● WHAT YOU SHOULD DO: Copy out the data in full and exactly, passing over the pictures.

● DATA SECTION:
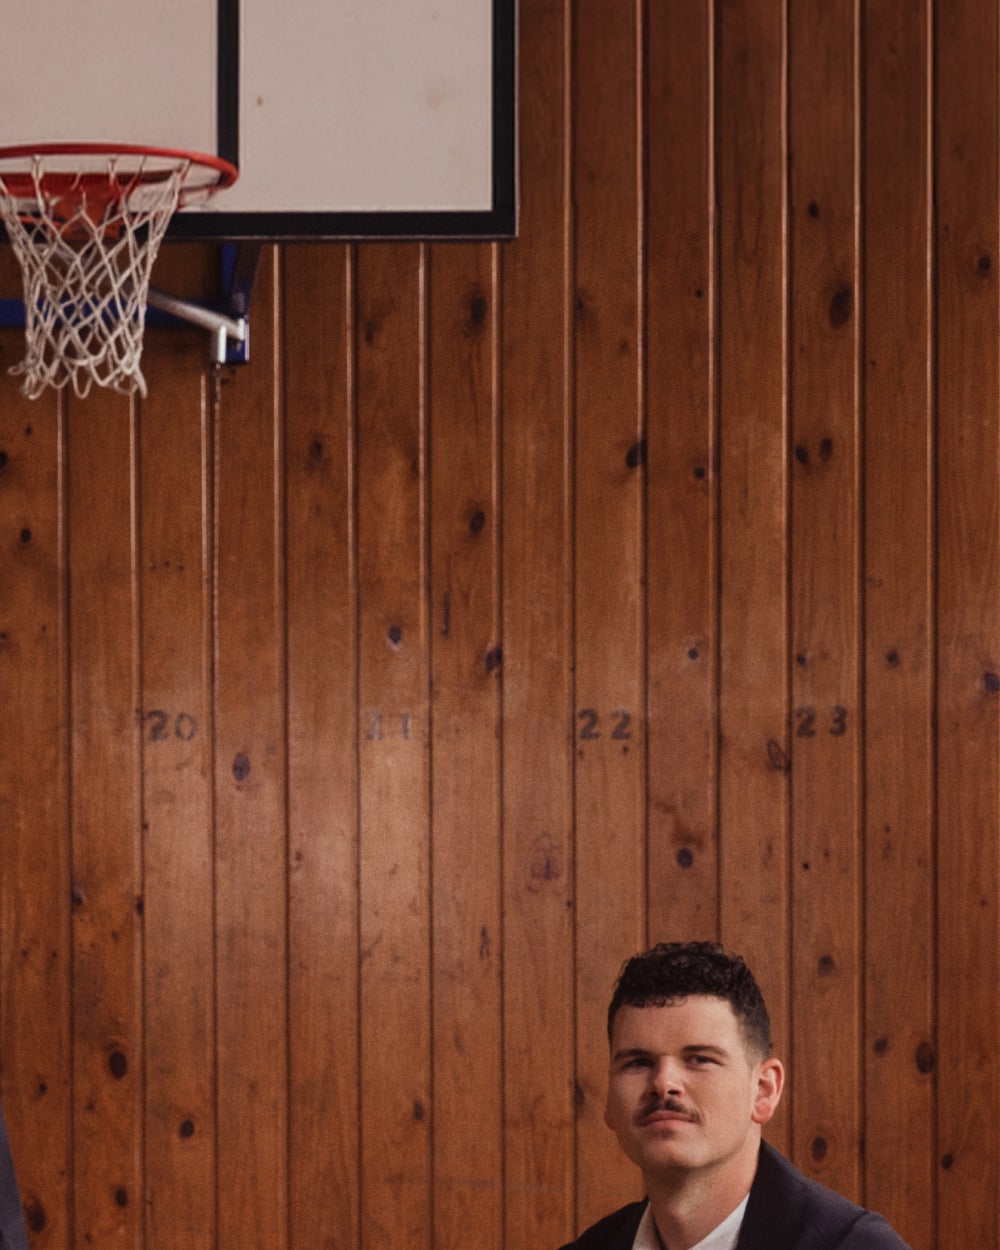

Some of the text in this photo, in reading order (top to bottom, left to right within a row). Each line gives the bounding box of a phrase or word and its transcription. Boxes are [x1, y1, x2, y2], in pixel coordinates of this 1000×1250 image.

[147, 709, 198, 740] 20
[578, 708, 632, 739] 22
[795, 705, 847, 736] 23
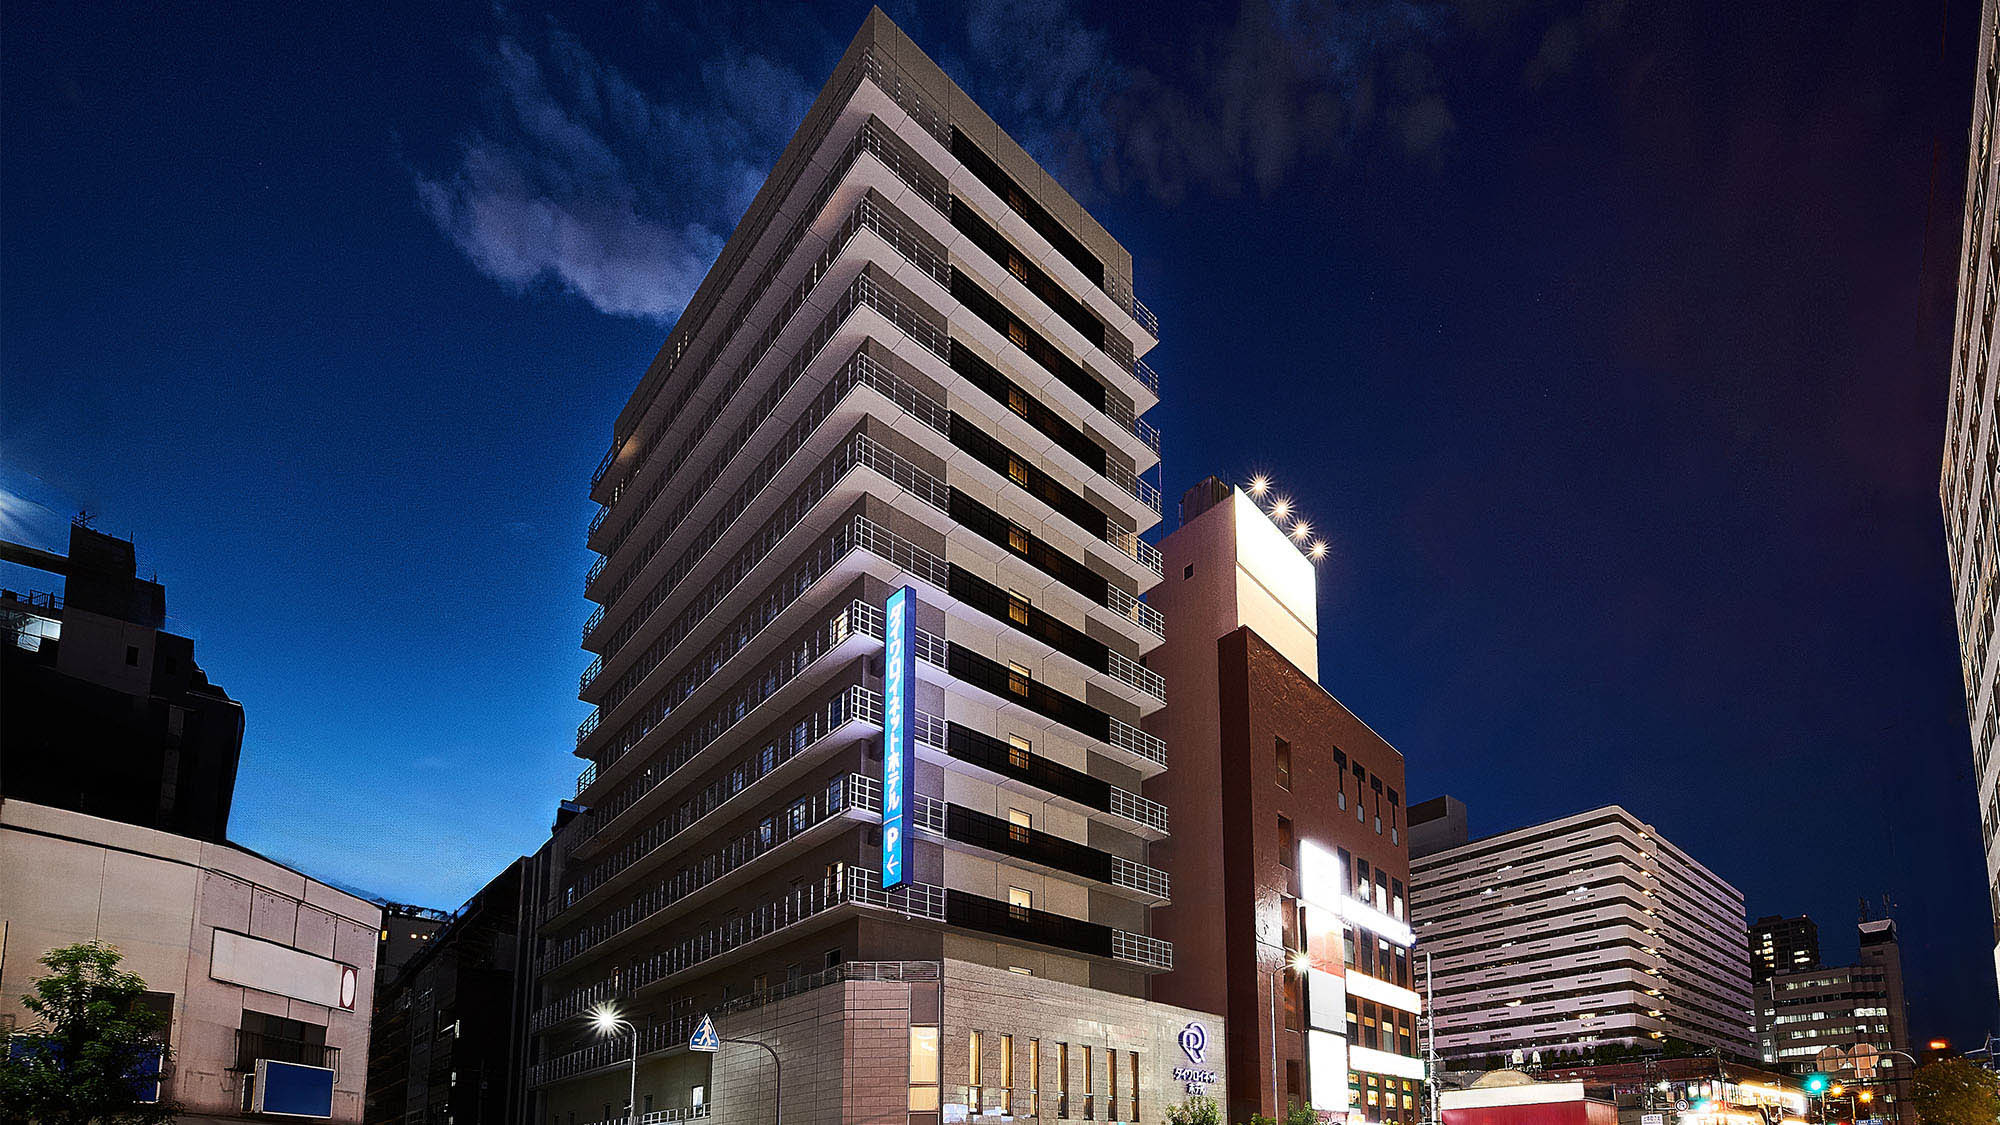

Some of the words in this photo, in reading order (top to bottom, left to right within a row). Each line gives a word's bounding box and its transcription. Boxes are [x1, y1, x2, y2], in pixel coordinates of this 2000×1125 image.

[888, 600, 905, 813] ダイワロイネットホテル
[887, 827, 899, 853] P

● THE ANSWER:
Some of the text in this photo, in reading order (top to bottom, left to right within a row). Each line gives the bounding box of a phrase or word and its transcription. Boxes are [x1, y1, x2, y2], in pixel coordinates of this 1000×1250 image.

[147, 709, 198, 740] 20
[578, 708, 632, 739] 22
[795, 705, 847, 736] 23

Some of the words in this photo, in reading order (top to bottom, left to right within a row). Each line gives a word's bounding box and its transcription. Boxes are [x1, y1, x2, y2], in pixel coordinates of this 2000×1125 image.

[888, 600, 905, 813] ダイワロイネットホテル
[887, 827, 899, 853] P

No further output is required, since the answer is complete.